About this task:
Each record below needs to be reproduced precisely, though not its pictures.

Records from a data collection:
══════════════════════════════

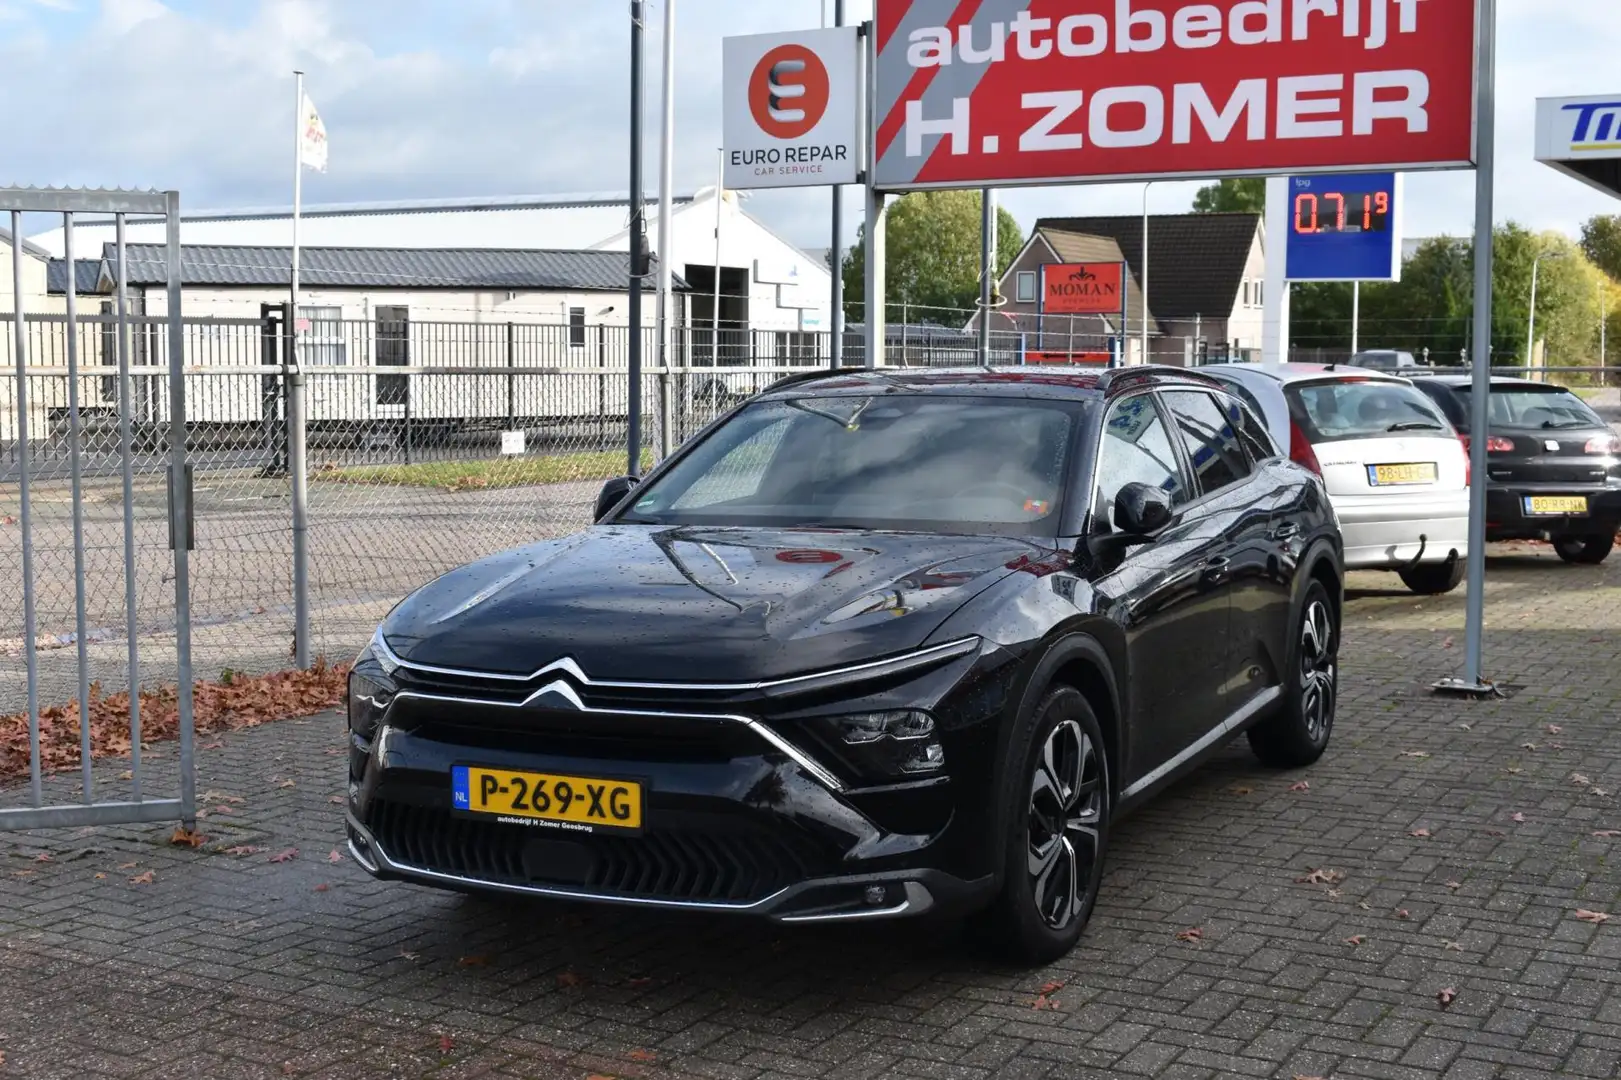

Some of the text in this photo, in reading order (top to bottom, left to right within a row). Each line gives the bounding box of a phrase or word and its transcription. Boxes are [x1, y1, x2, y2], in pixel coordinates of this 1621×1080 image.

[904, 69, 1431, 157] H. ZOMER
[731, 145, 848, 166] EURO REPAR
[754, 164, 823, 176] CAR SERVICE
[1050, 282, 1117, 297] MOMAN
[454, 774, 631, 821] NL P-269-XG
[497, 816, 532, 827] autobedrijf
[532, 819, 539, 827] H
[539, 820, 561, 829] Zomer
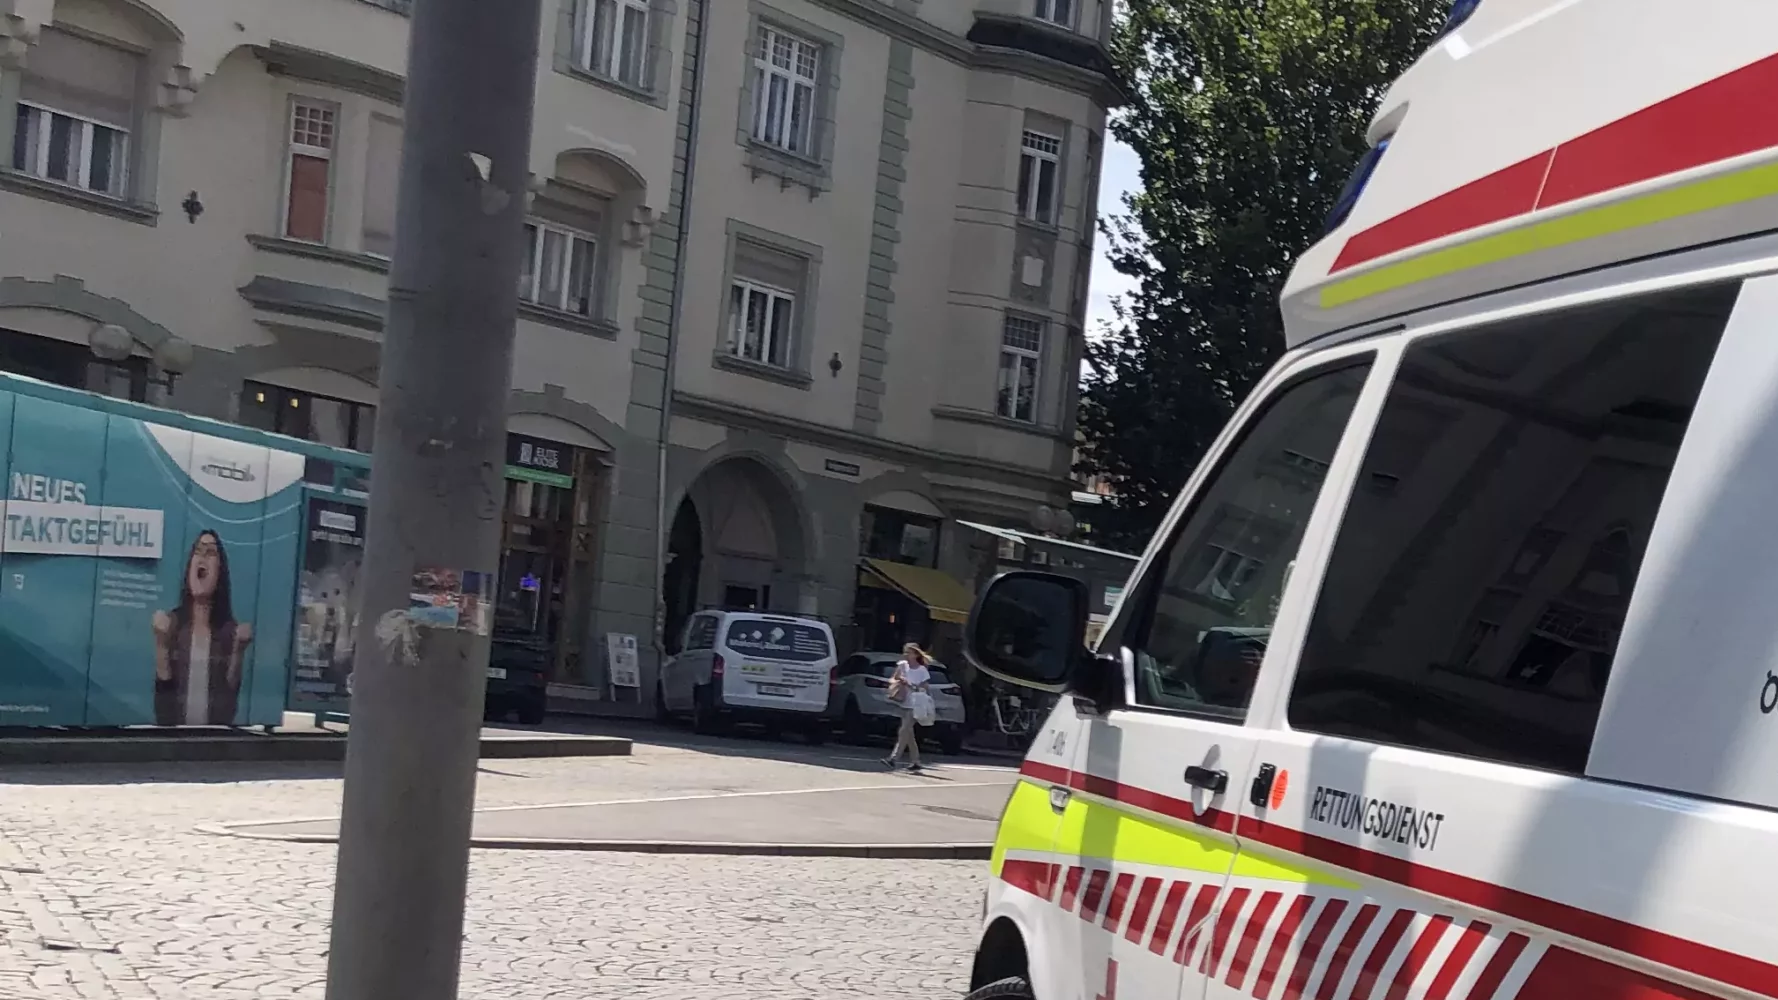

══════════════════════════════

Problem solution:
Some of the text in this photo, in reading order (top to bottom, left to right within a row). Each line gives the bounding box of a phrase or word and its transcription. Boxes are [x1, y1, x2, y2], in pixel coordinates of this 1621×1080 image.

[904, 69, 1431, 157] H. ZOMER
[731, 145, 848, 166] EURO REPAR
[754, 164, 823, 176] CAR SERVICE
[1050, 282, 1117, 297] MOMAN
[454, 774, 631, 821] NL P-269-XG
[497, 816, 532, 827] autobedrijf
[532, 819, 539, 827] H
[539, 820, 561, 829] Zomer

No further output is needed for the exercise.